### Aim of the exercise:
Repeat the data as given. Images do not go in the copy.

——————————

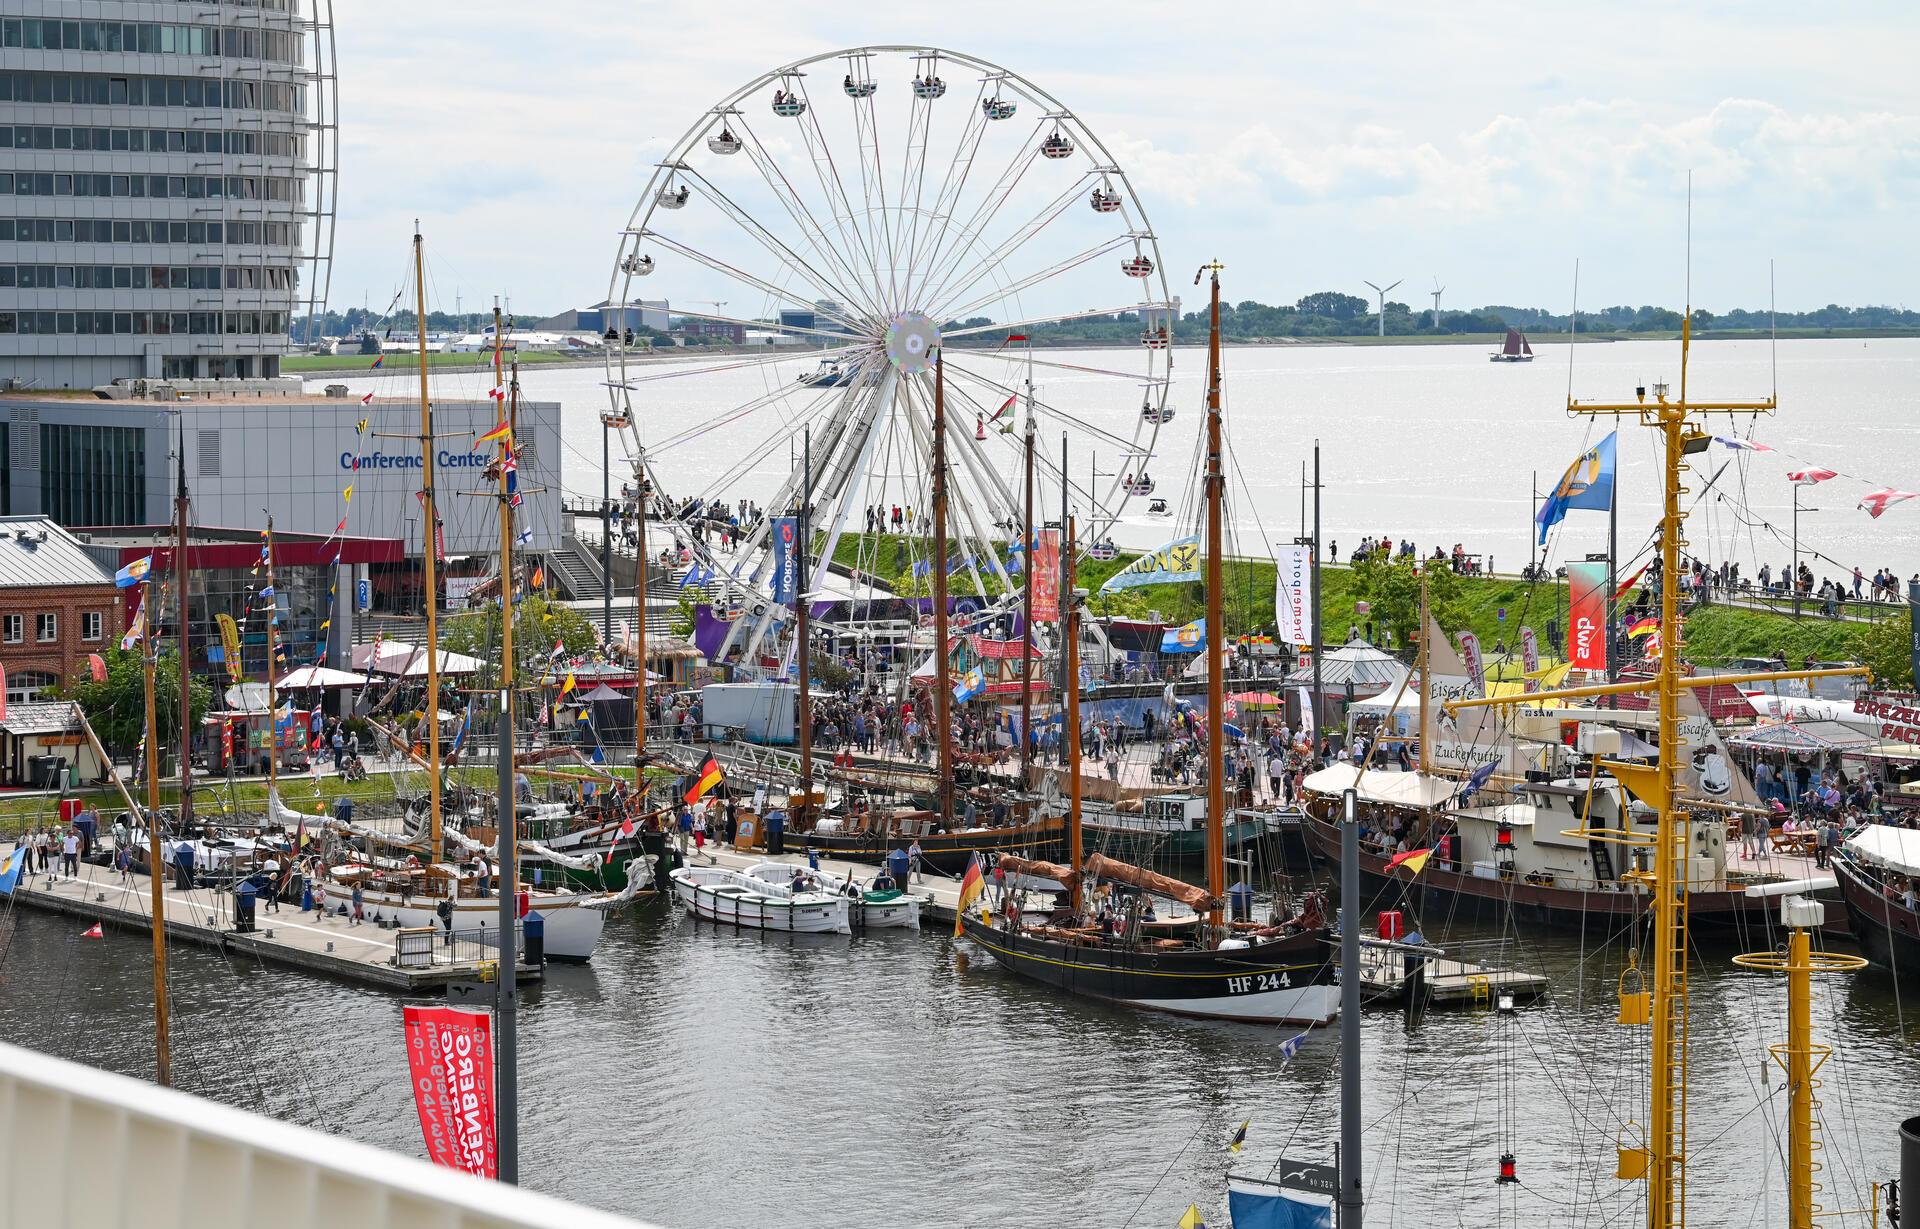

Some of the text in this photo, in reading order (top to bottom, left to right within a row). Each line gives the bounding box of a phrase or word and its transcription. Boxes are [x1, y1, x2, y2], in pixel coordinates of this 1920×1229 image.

[341, 451, 424, 469] Conferenc
[1300, 657, 1311, 667] B1
[1227, 971, 1291, 993] HF 244
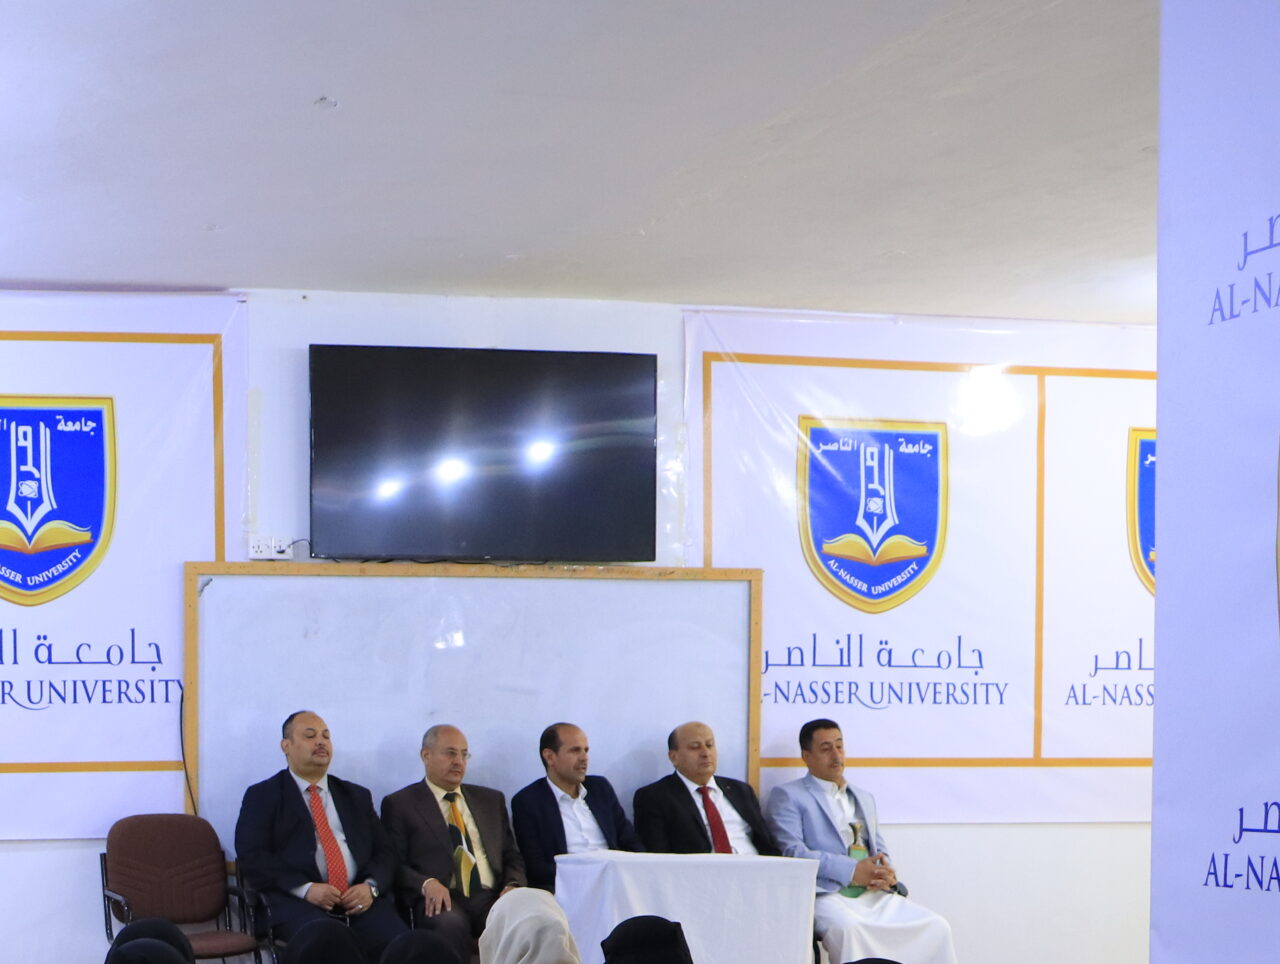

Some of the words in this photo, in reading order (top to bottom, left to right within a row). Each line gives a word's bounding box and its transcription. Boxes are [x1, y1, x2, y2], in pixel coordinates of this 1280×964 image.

[55, 415, 97, 436] جامعة
[898, 437, 933, 458] جامعة
[26, 548, 82, 586] UNIVERSITY
[827, 558, 869, 593] AL-NASSER
[871, 561, 919, 595] UNIVERSITY
[33, 627, 163, 672] جامعة
[876, 634, 984, 676] جامعة
[761, 680, 888, 710] -NASSER
[869, 681, 1009, 706] UNIVERSITY
[1064, 683, 1155, 706] AL-NASS
[1202, 851, 1280, 893] AL-NA
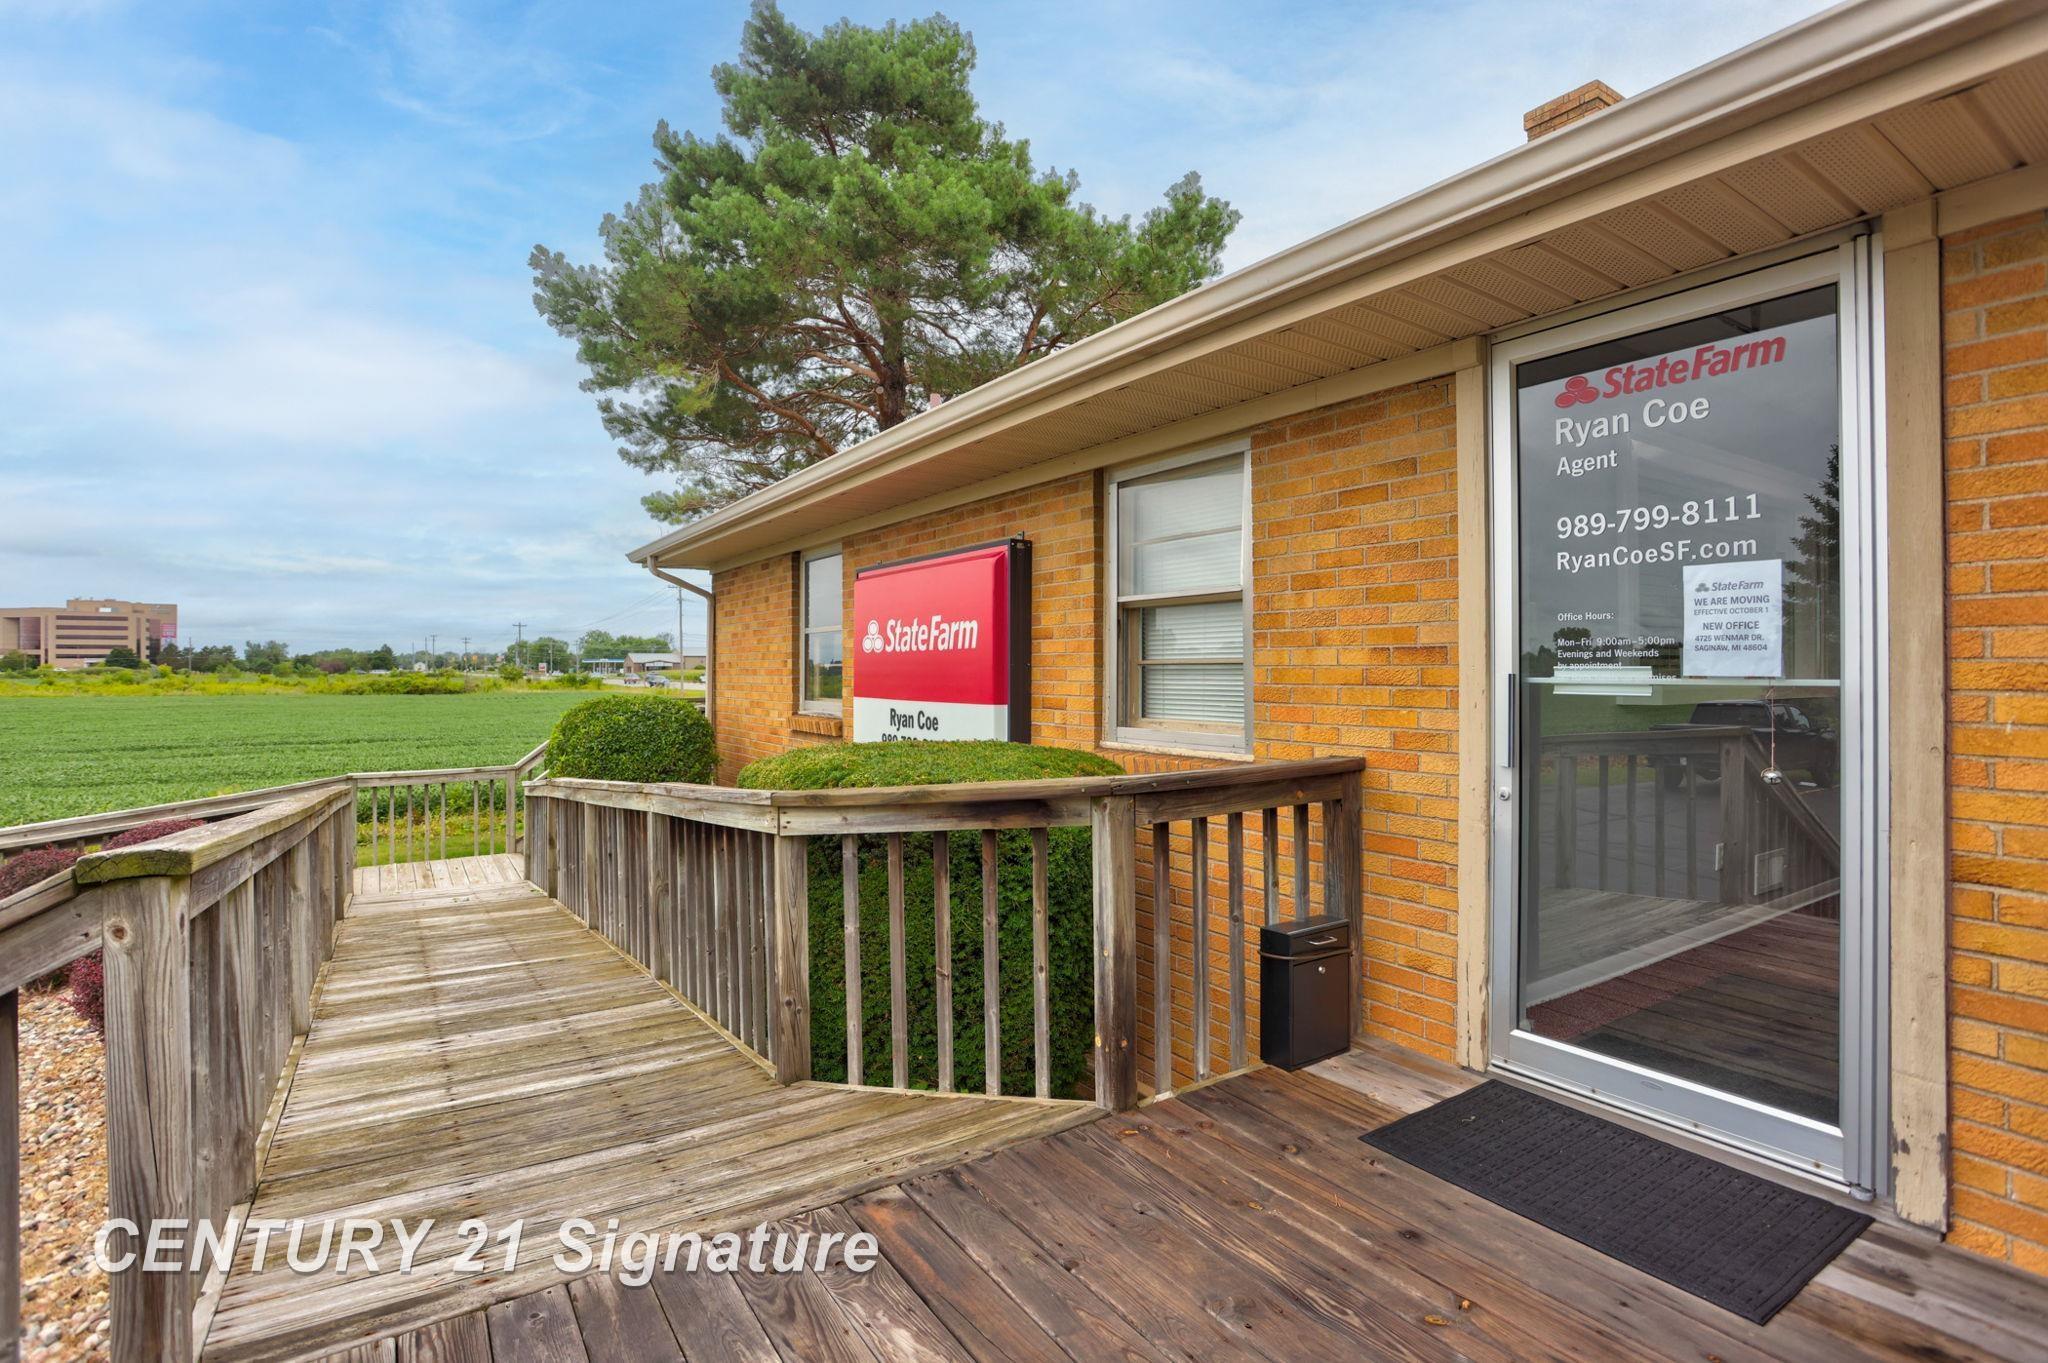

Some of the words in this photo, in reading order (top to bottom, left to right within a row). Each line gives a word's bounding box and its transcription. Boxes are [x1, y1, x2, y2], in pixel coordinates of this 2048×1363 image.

[1602, 336, 1787, 399] StateFarm
[1555, 411, 1630, 448] Ryan
[1642, 396, 1711, 429] Coe
[1556, 448, 1618, 477] Agent
[1556, 493, 1762, 540] 989-799-8111
[1556, 538, 1758, 574] RyanCoeSF.com
[1711, 580, 1764, 591] StateFarm
[1694, 597, 1708, 606] WE
[1710, 597, 1728, 605] ARE
[1730, 595, 1770, 604] MOVING
[1557, 612, 1583, 622] Office
[1585, 611, 1615, 621] Hours:
[1702, 622, 1723, 630] NEW
[1725, 621, 1760, 630] OFFICE
[885, 614, 979, 653] StateFarm
[1557, 649, 1593, 659] Evenings
[1595, 649, 1612, 658] and
[1614, 648, 1660, 658] Weekends
[1694, 644, 1730, 652] SAGINAW,
[889, 707, 914, 731] Ryan
[917, 710, 939, 731] Coe

——————————

### Exercise output:
Some of the text in this photo, in reading order (top to bottom, left to right within a row). Each line gives the bounding box of a phrase or word and its transcription. Boxes are [x1, y1, x2, y2], in pixel coordinates of this 1920×1229 image.

[341, 451, 424, 469] Conferenc
[1300, 657, 1311, 667] B1
[1227, 971, 1291, 993] HF 244

Some of the words in this photo, in reading order (top to bottom, left to right within a row). Each line gives a word's bounding box and its transcription. Boxes are [x1, y1, x2, y2], in pixel coordinates of this 1280×964 image.

[55, 415, 97, 436] جامعة
[898, 437, 933, 458] جامعة
[26, 548, 82, 586] UNIVERSITY
[827, 558, 869, 593] AL-NASSER
[871, 561, 919, 595] UNIVERSITY
[33, 627, 163, 672] جامعة
[876, 634, 984, 676] جامعة
[761, 680, 888, 710] -NASSER
[869, 681, 1009, 706] UNIVERSITY
[1064, 683, 1155, 706] AL-NASS
[1202, 851, 1280, 893] AL-NA

Some of the words in this photo, in reading order (top to bottom, left to right within a row). Each line gives a word's bounding box and its transcription. Boxes are [x1, y1, x2, y2], in pixel coordinates of this 2048×1363 image.

[1602, 336, 1787, 399] StateFarm
[1555, 411, 1630, 448] Ryan
[1642, 396, 1711, 429] Coe
[1556, 448, 1618, 477] Agent
[1556, 493, 1762, 540] 989-799-8111
[1556, 538, 1758, 574] RyanCoeSF.com
[1711, 580, 1764, 591] StateFarm
[1694, 597, 1708, 606] WE
[1710, 597, 1728, 605] ARE
[1730, 595, 1770, 604] MOVING
[1557, 612, 1583, 622] Office
[1585, 611, 1615, 621] Hours:
[1702, 622, 1723, 630] NEW
[1725, 621, 1760, 630] OFFICE
[885, 614, 979, 653] StateFarm
[1557, 649, 1593, 659] Evenings
[1595, 649, 1612, 658] and
[1614, 648, 1660, 658] Weekends
[1694, 644, 1730, 652] SAGINAW,
[889, 707, 914, 731] Ryan
[917, 710, 939, 731] Coe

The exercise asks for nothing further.